[Work instruction] The response should be an exact copy of the records, with the pictures removed.

[Data extracts — start]

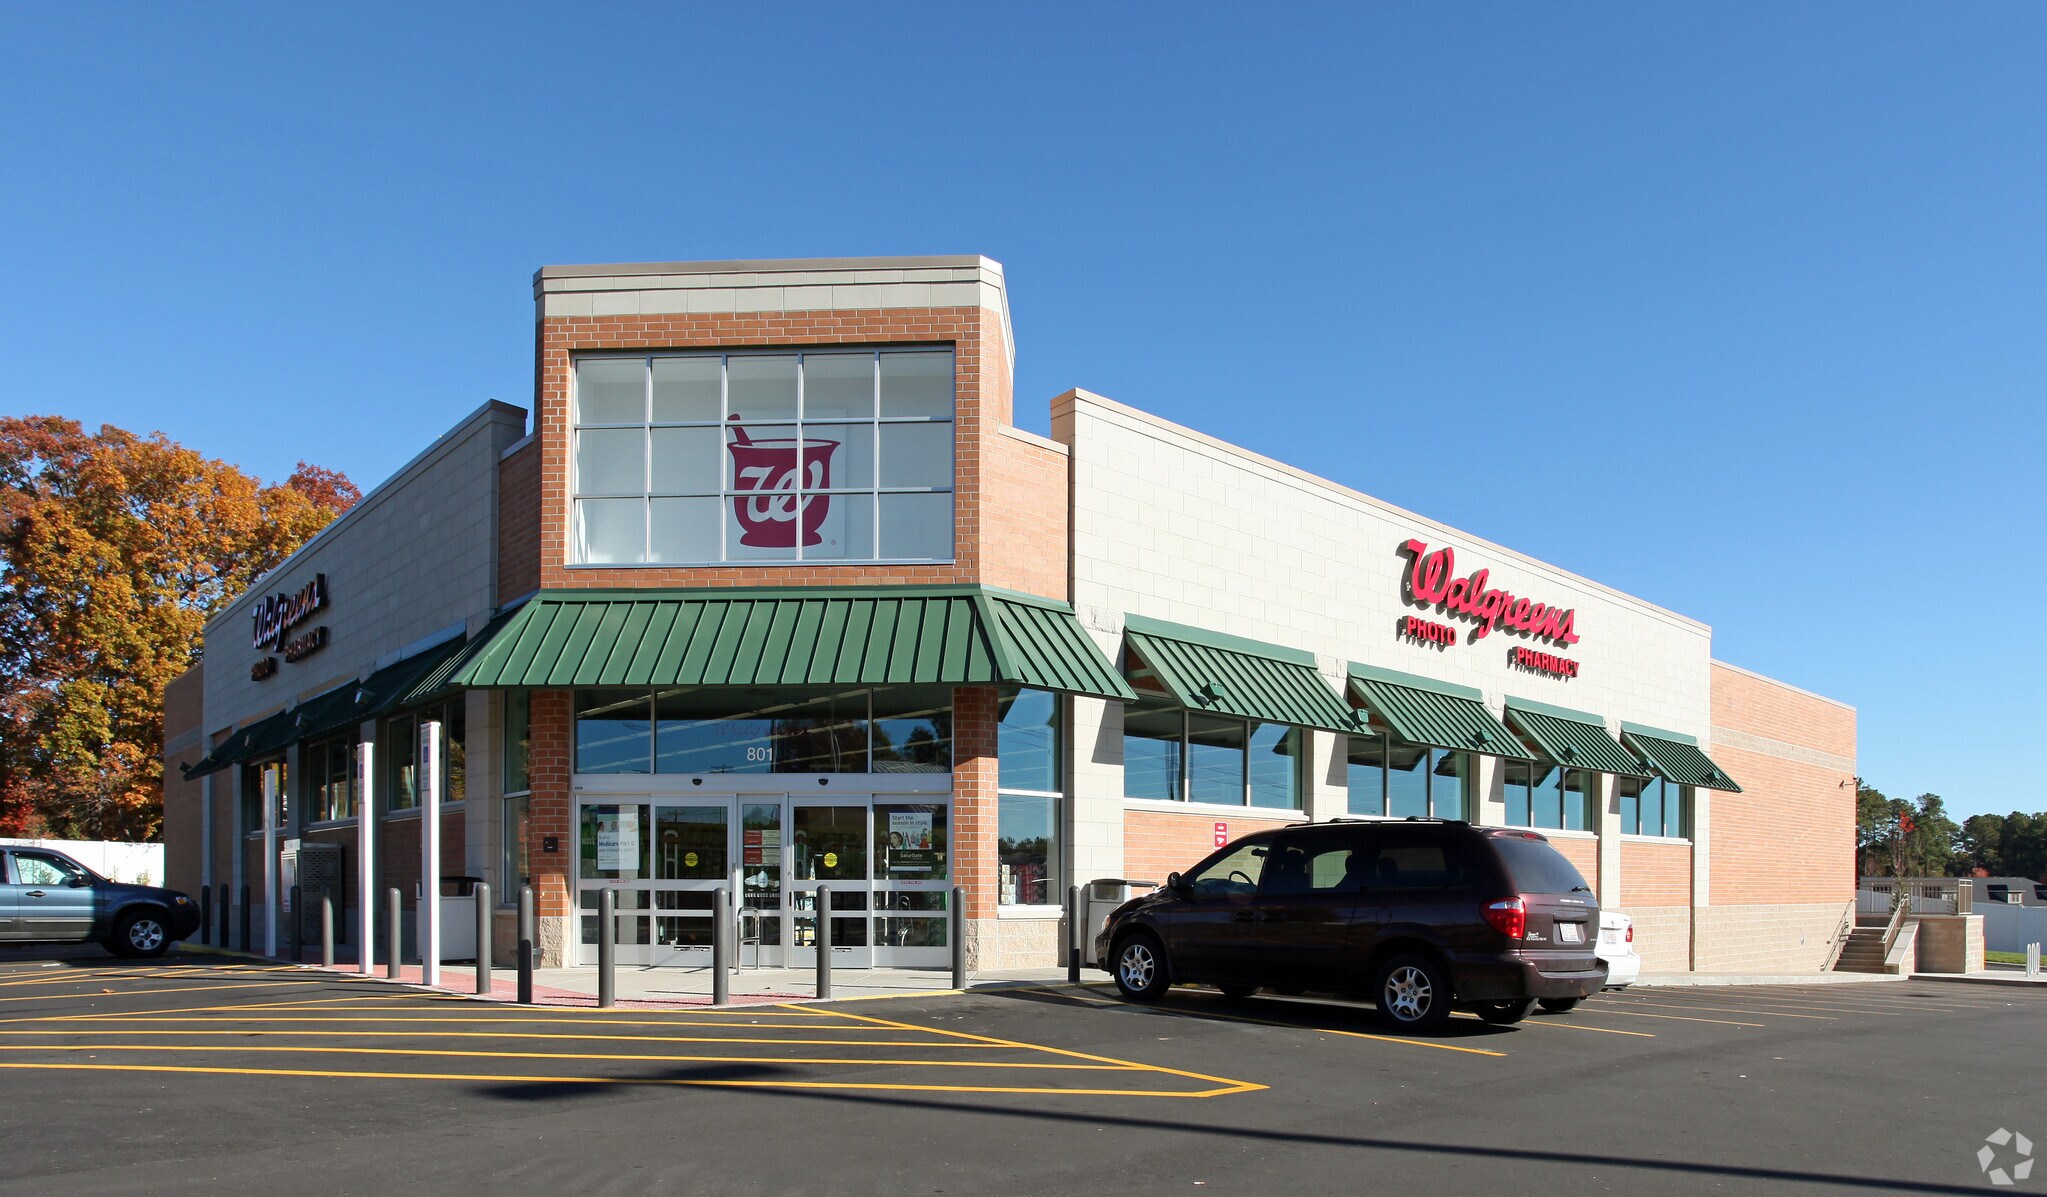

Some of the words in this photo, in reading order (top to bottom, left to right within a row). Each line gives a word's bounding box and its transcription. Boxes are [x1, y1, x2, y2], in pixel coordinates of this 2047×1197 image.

[1404, 538, 1581, 645] Walgreens
[1405, 615, 1457, 647] PHOTO
[1515, 645, 1580, 679] PHARMACY
[746, 747, 773, 762] 801
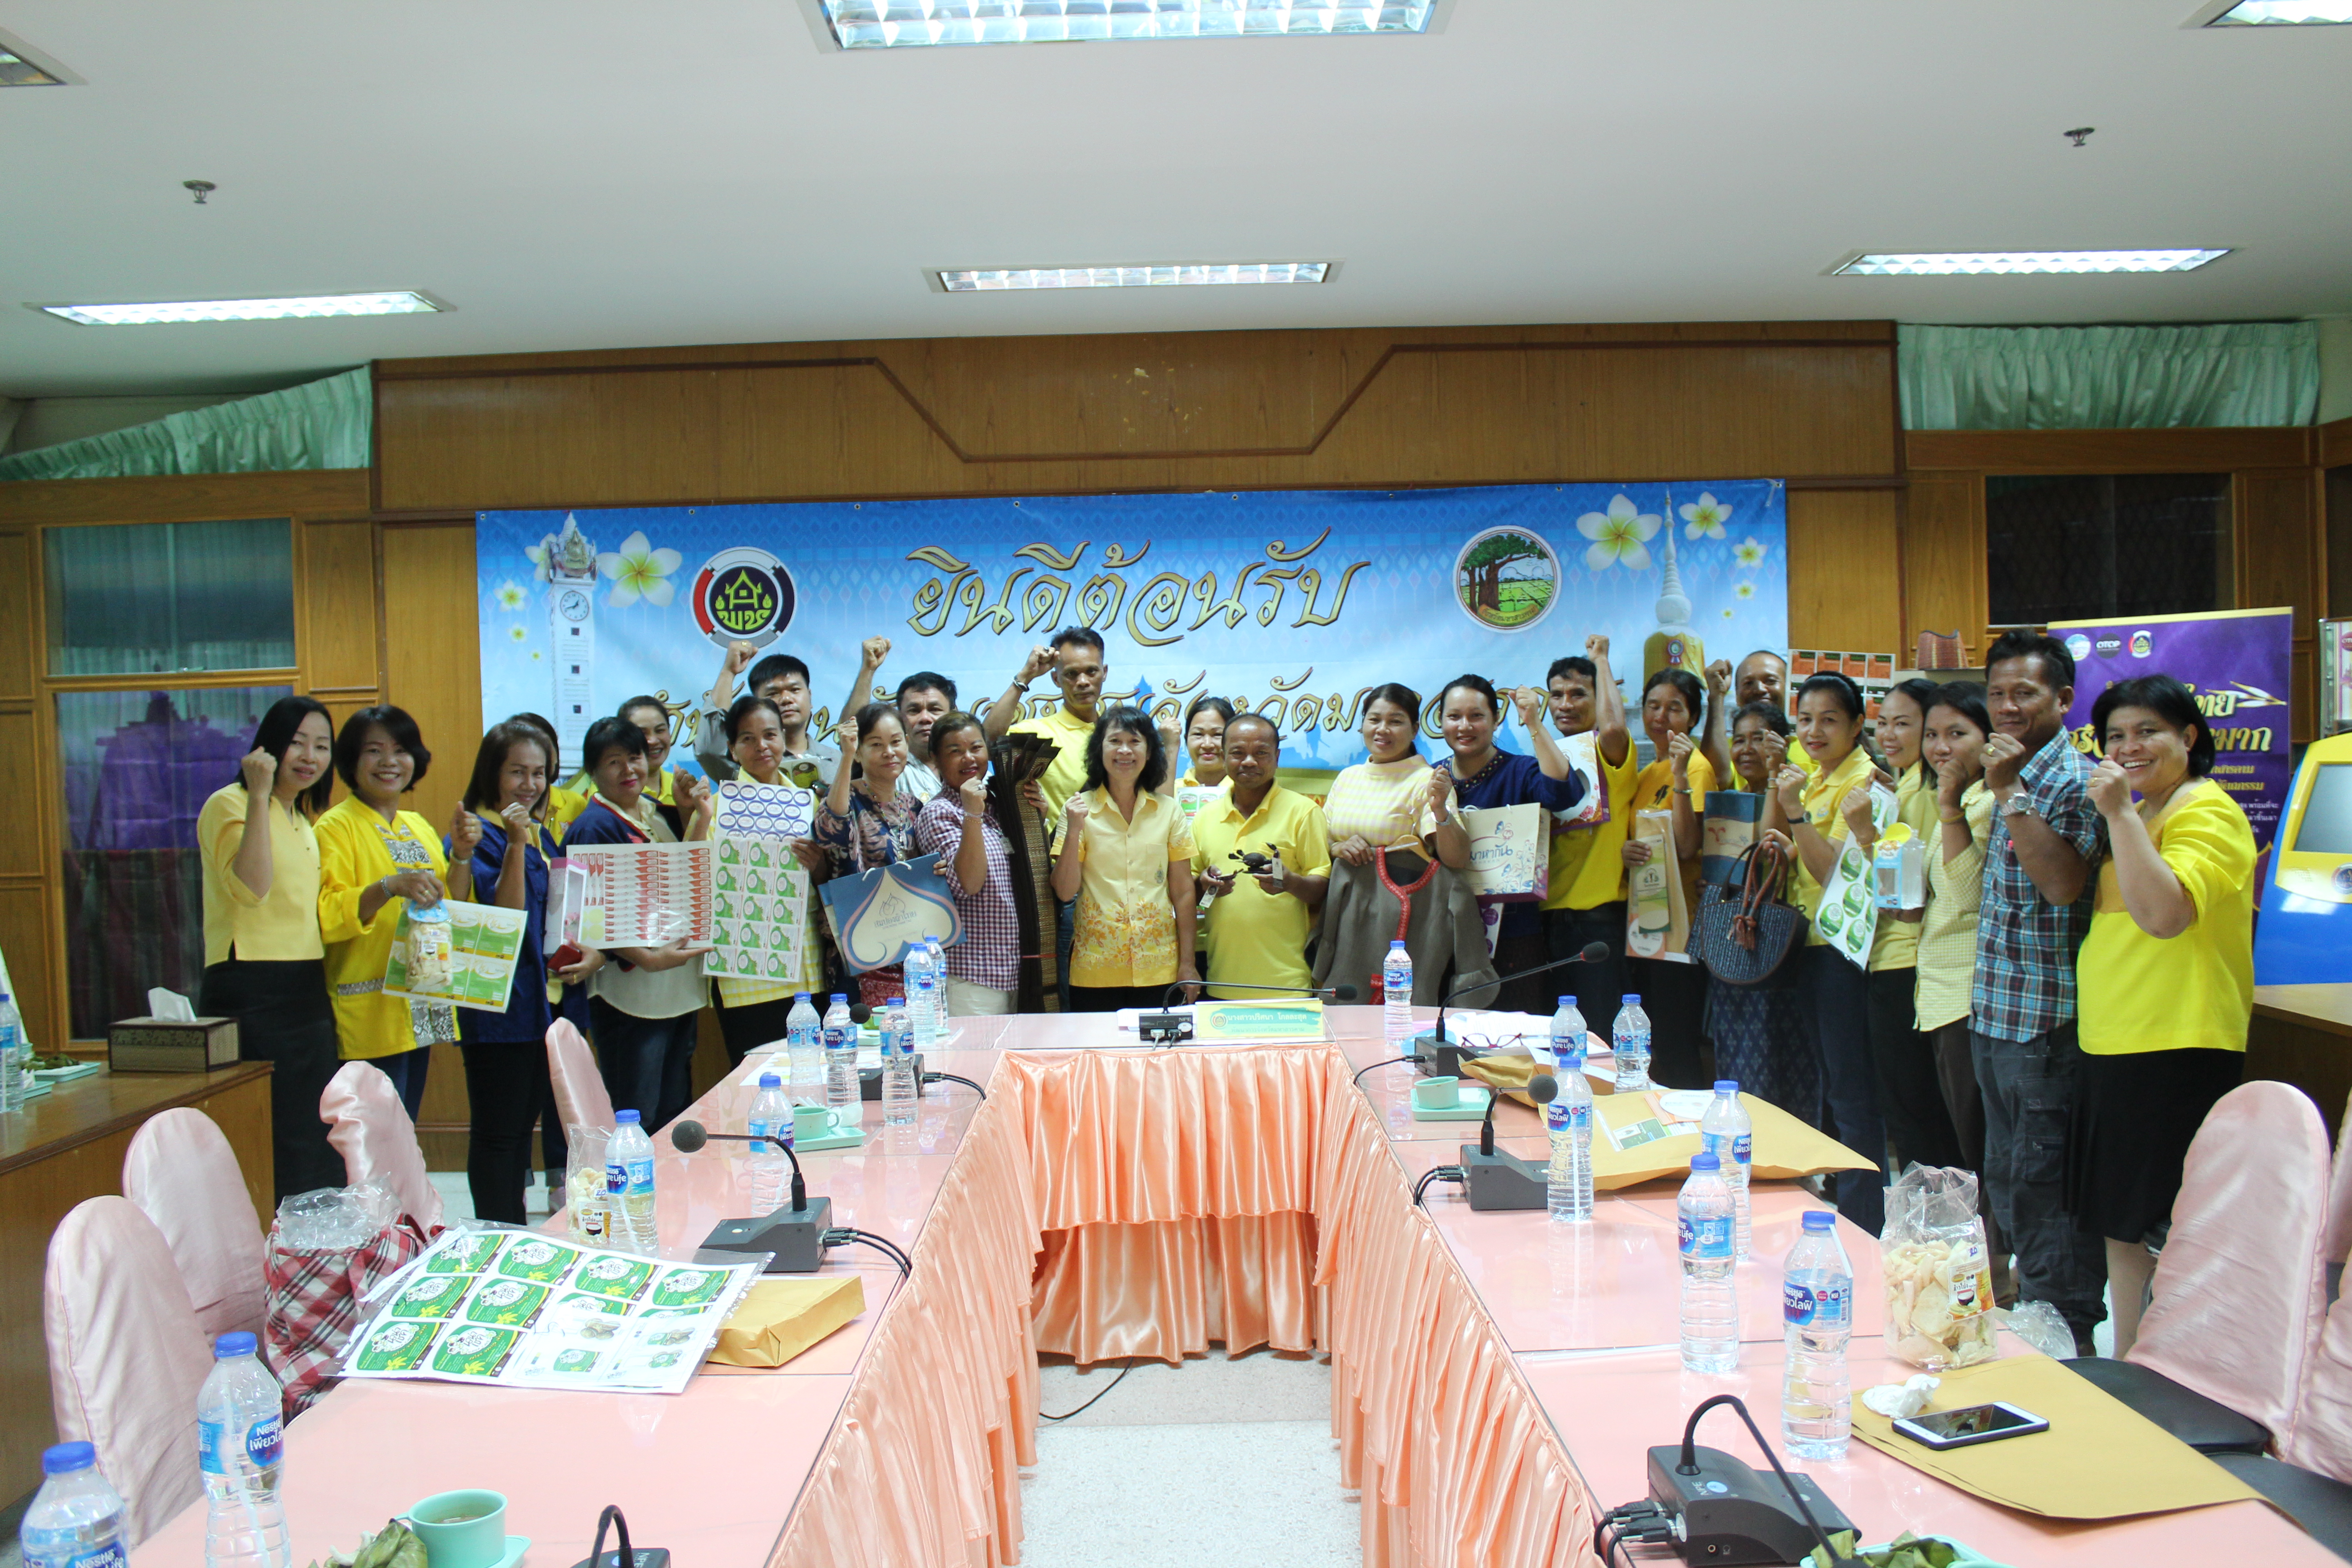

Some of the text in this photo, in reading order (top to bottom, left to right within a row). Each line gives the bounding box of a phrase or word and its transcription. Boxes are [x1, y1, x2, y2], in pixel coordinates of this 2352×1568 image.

[Data extracts — finish]

[Solved problem]
Some of the words in this photo, in reading order (top to bottom, left to right within a row). Each line gives a word's bounding box and its transcription. Boxes are [x1, y1, x2, y2], in pixel coordinates of this 2047×1197 image.

[1404, 538, 1581, 645] Walgreens
[1405, 615, 1457, 647] PHOTO
[1515, 645, 1580, 679] PHARMACY
[746, 747, 773, 762] 801

Some of the text in this photo, in reading order (top to bottom, left to right within a row). Each line gives the bounding box of a phrase or word and its transcription. Boxes are [x1, y1, x2, y2], in pixel coordinates of this 2352×1568 image.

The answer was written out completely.